[Free-text object descriptions]
== == ==
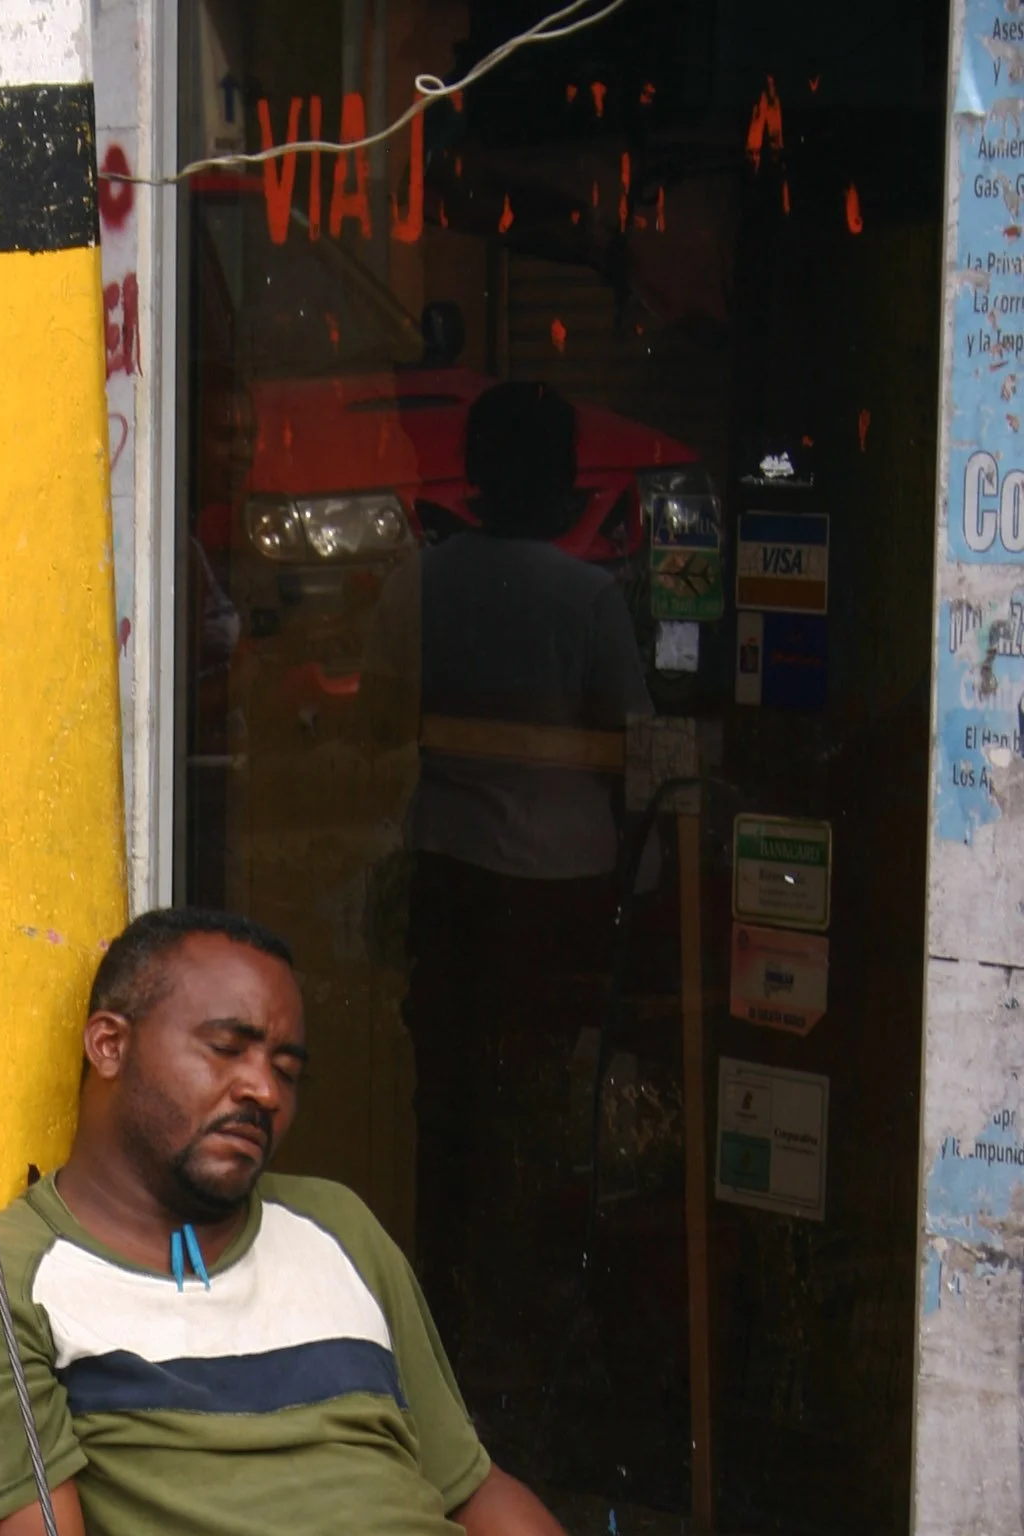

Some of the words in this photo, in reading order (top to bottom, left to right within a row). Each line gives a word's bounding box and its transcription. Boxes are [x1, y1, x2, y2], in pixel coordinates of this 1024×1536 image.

[974, 173, 1000, 198] Gas
[967, 333, 975, 358] y
[979, 328, 991, 353] la
[762, 546, 803, 575] VISA
== == ==
* **Task brief**
What you return must be every entry, word for word, without any pictures.

* **Result of this exercise**
Some of the words in this photo, in reading order (top to bottom, left to right within a row). Each line gives a word's bounding box and its transcription. Boxes are [x1, y1, x2, y2], in pixel coordinates of this 1024×1536 image.

[974, 173, 1000, 198] Gas
[967, 333, 975, 358] y
[979, 328, 991, 353] la
[762, 546, 803, 575] VISA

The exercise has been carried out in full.